**WHAT IS NEEDED:** Once the pictures are set aside, reproduce all of the records exactly.

---------- STORED DATA ----------

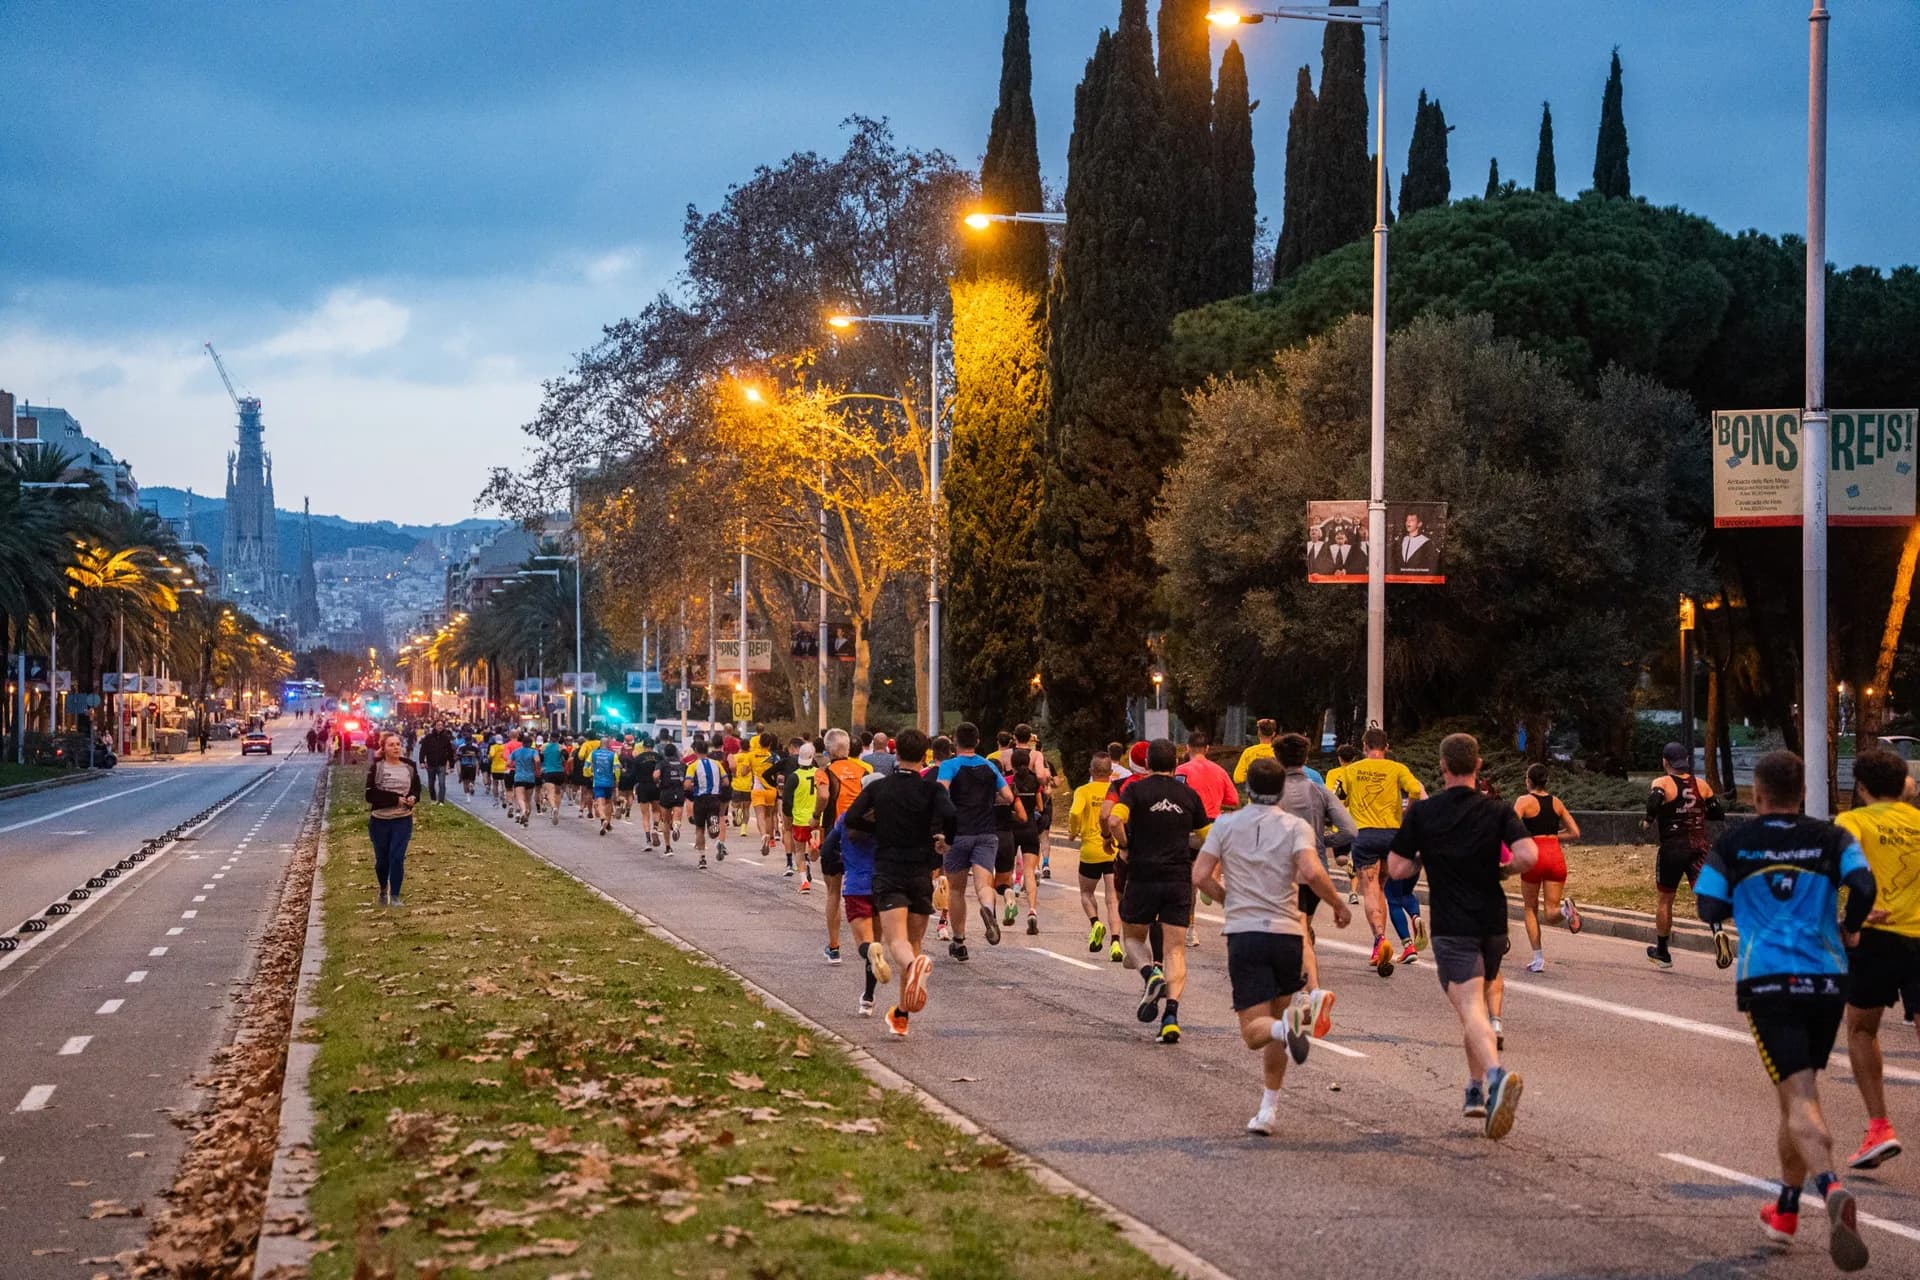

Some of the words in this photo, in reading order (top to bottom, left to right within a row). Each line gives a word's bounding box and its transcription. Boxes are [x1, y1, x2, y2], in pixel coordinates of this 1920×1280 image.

[1718, 415, 1799, 471] BONS
[1831, 414, 1913, 471] REIS!
[679, 691, 688, 702] P
[734, 702, 752, 717] 05
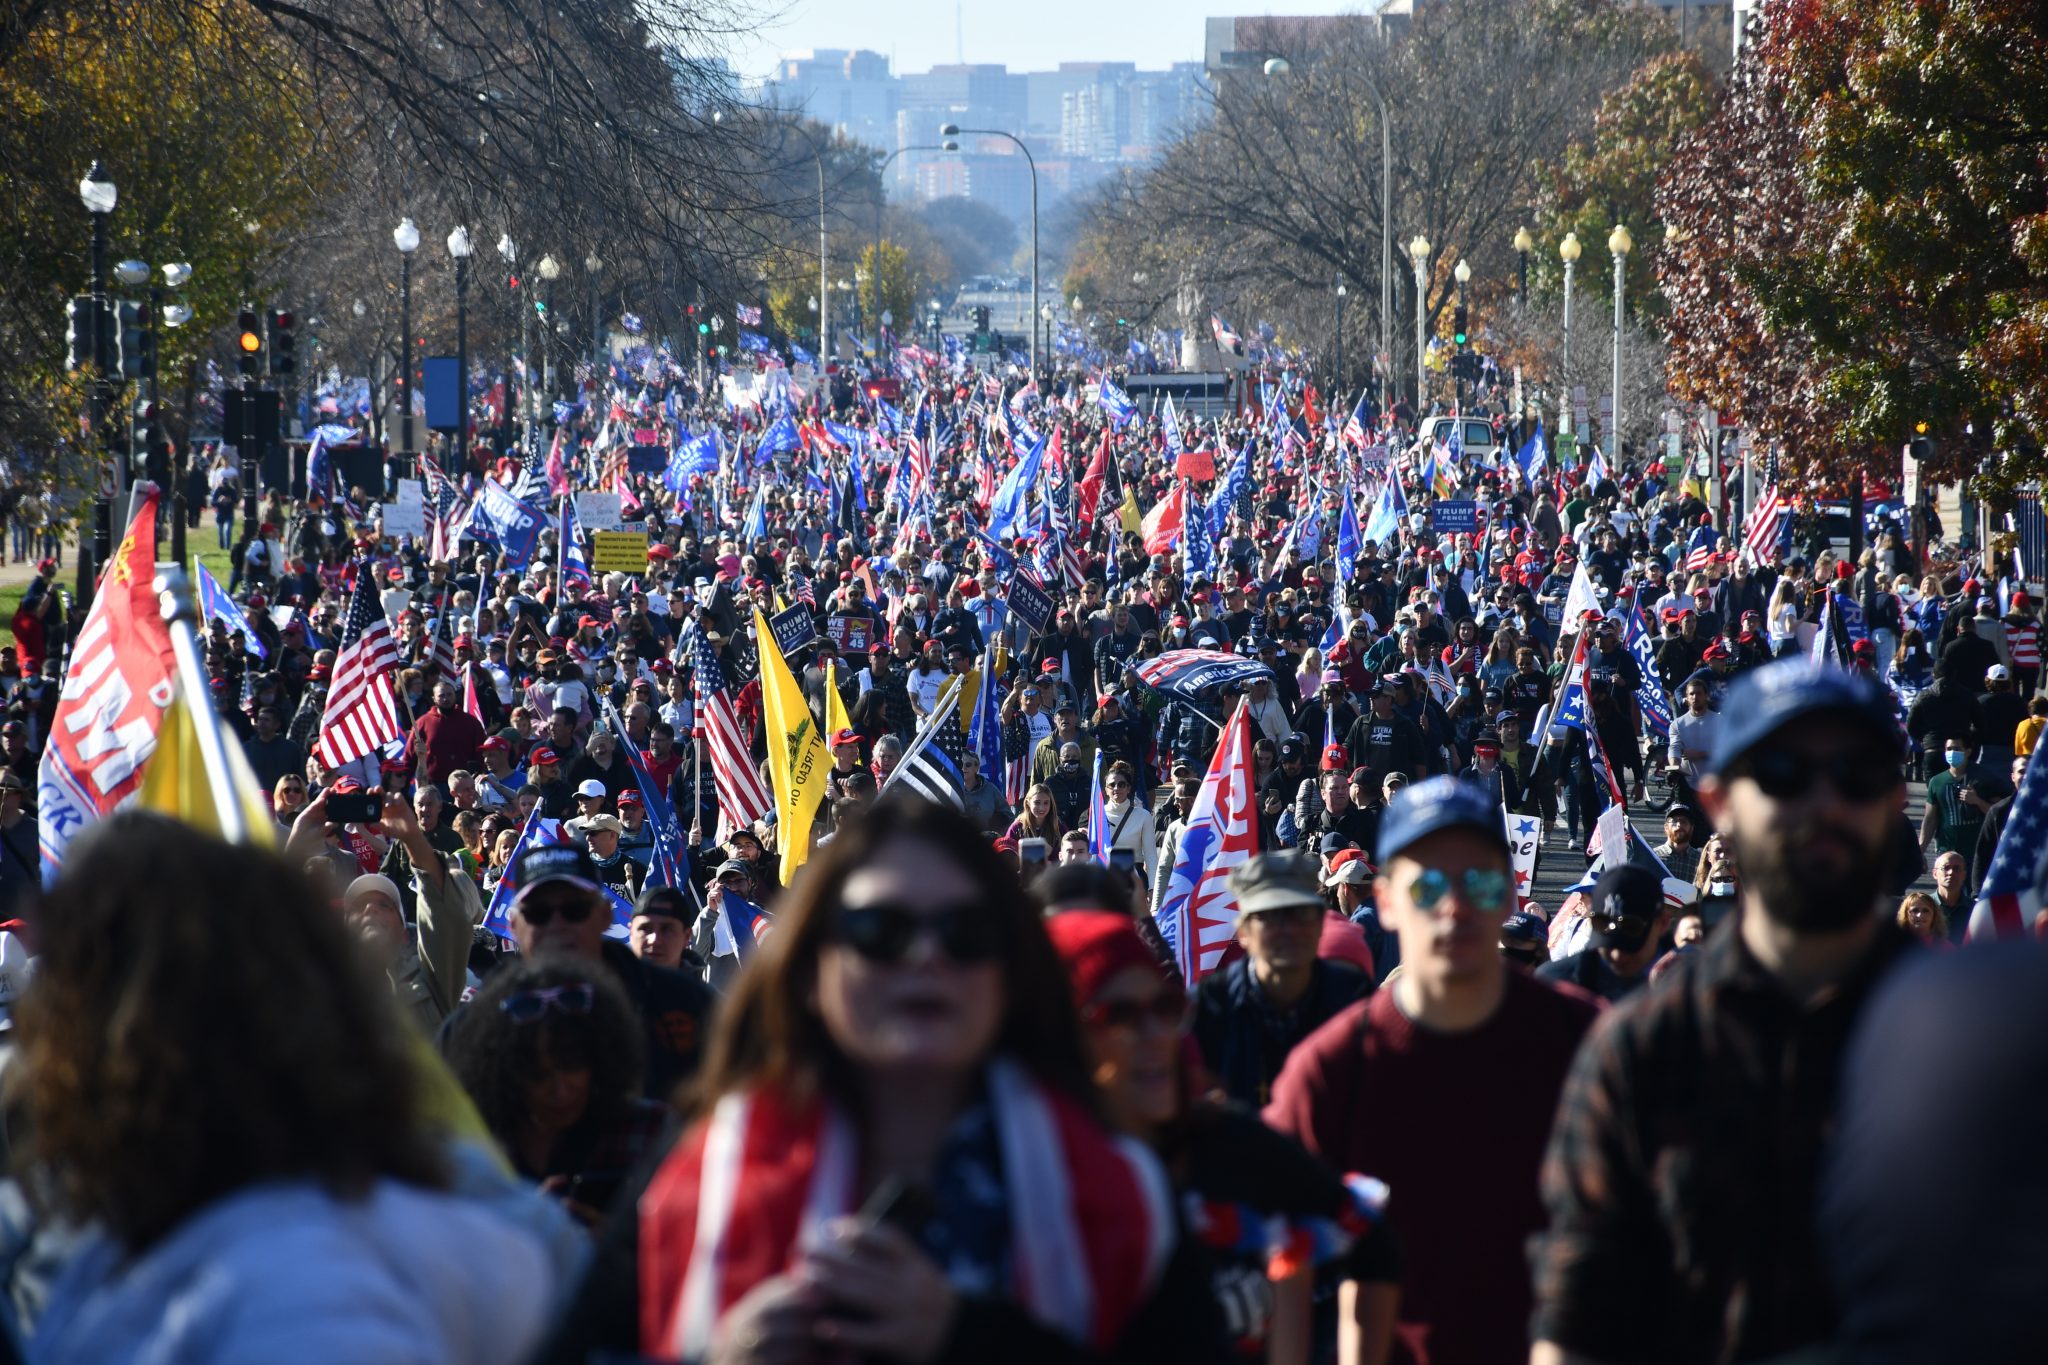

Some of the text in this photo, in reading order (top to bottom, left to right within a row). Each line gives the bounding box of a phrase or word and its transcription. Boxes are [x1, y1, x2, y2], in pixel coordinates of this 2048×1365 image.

[1436, 507, 1474, 515] TRUMP
[1015, 580, 1049, 614] TRUMP
[1016, 591, 1044, 618] PENCE
[775, 611, 808, 636] TRUMP
[782, 621, 808, 640] PENCE
[827, 617, 846, 628] WE
[848, 638, 865, 648] 45
[1634, 619, 1661, 678] TRU
[1183, 666, 1237, 696] America
[1563, 712, 1576, 721] For
[1373, 726, 1393, 735] ETERA
[1327, 750, 1342, 759] USA
[525, 849, 579, 870] TRUMP
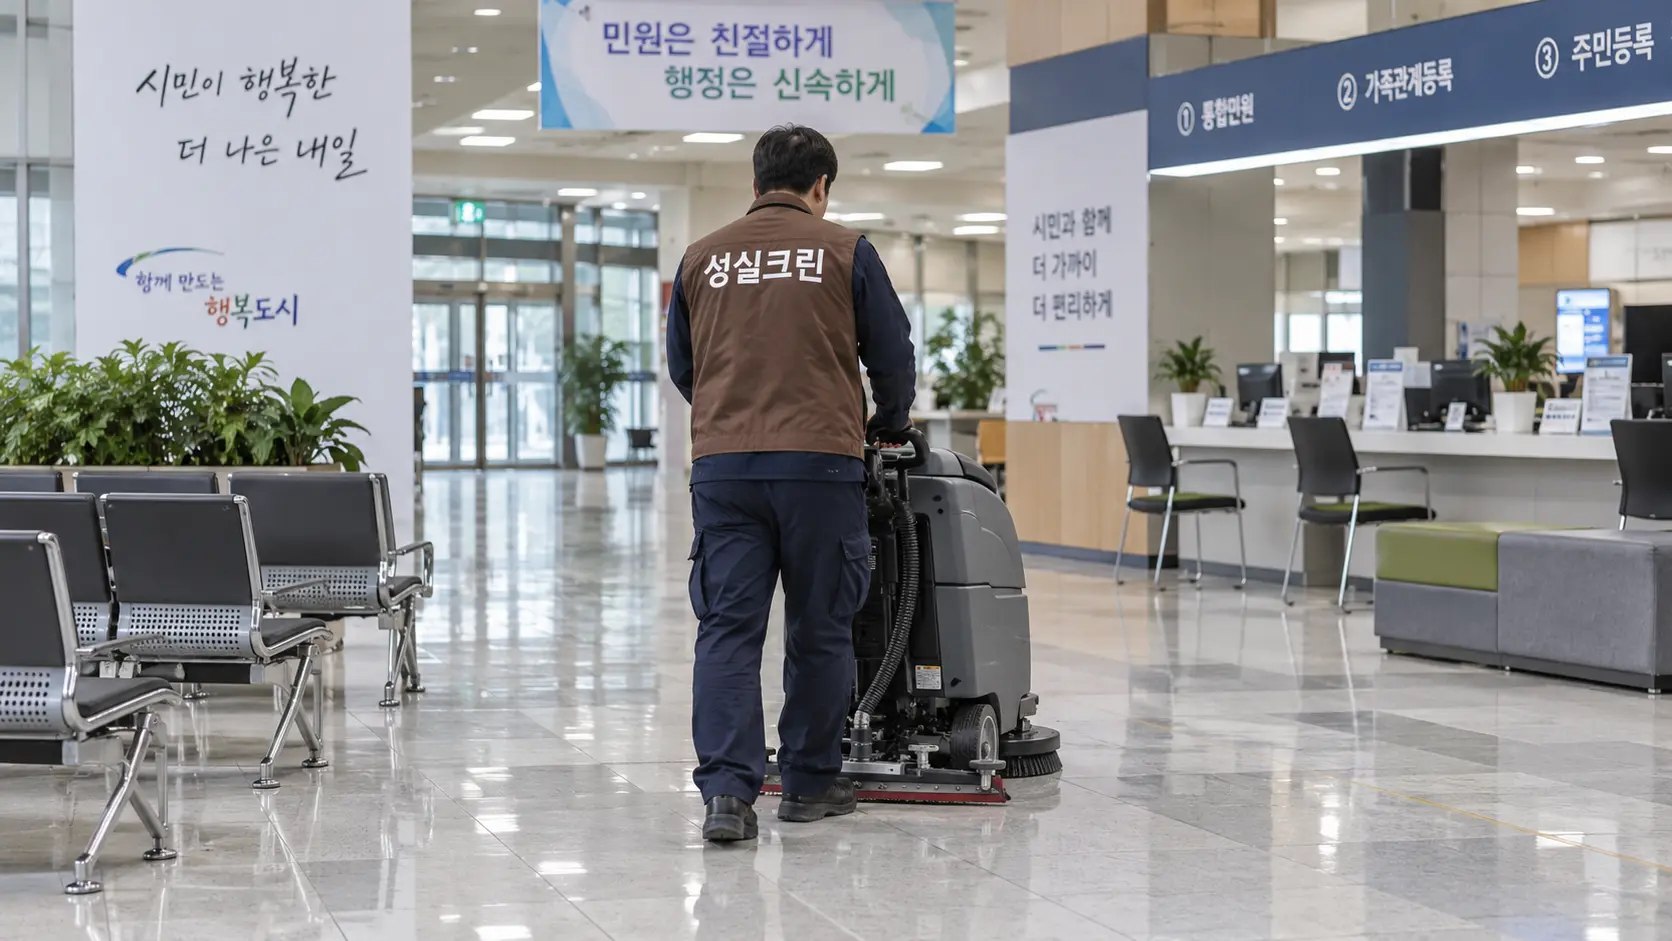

----------

**WRITTEN ANSWER:**
Some of the words in this photo, in reading order (top to bottom, left to right within a row). Each line gives a word's bounding box and its transcription. Boxes are [x1, y1, x2, y2], in pixel coordinates of this 1920×1280 image.

[1718, 415, 1799, 471] BONS
[1831, 414, 1913, 471] REIS!
[679, 691, 688, 702] P
[734, 702, 752, 717] 05

Some of the text in this photo, in reading order (top to bottom, left to right within a row). Each line gives the bounding box of a phrase or word and its transcription. Boxes are [x1, y1, x2, y2], in pixel coordinates of this 2048×1365 image.

[1436, 507, 1474, 515] TRUMP
[1015, 580, 1049, 614] TRUMP
[1016, 591, 1044, 618] PENCE
[775, 611, 808, 636] TRUMP
[782, 621, 808, 640] PENCE
[827, 617, 846, 628] WE
[848, 638, 865, 648] 45
[1634, 619, 1661, 678] TRU
[1183, 666, 1237, 696] America
[1563, 712, 1576, 721] For
[1373, 726, 1393, 735] ETERA
[1327, 750, 1342, 759] USA
[525, 849, 579, 870] TRUMP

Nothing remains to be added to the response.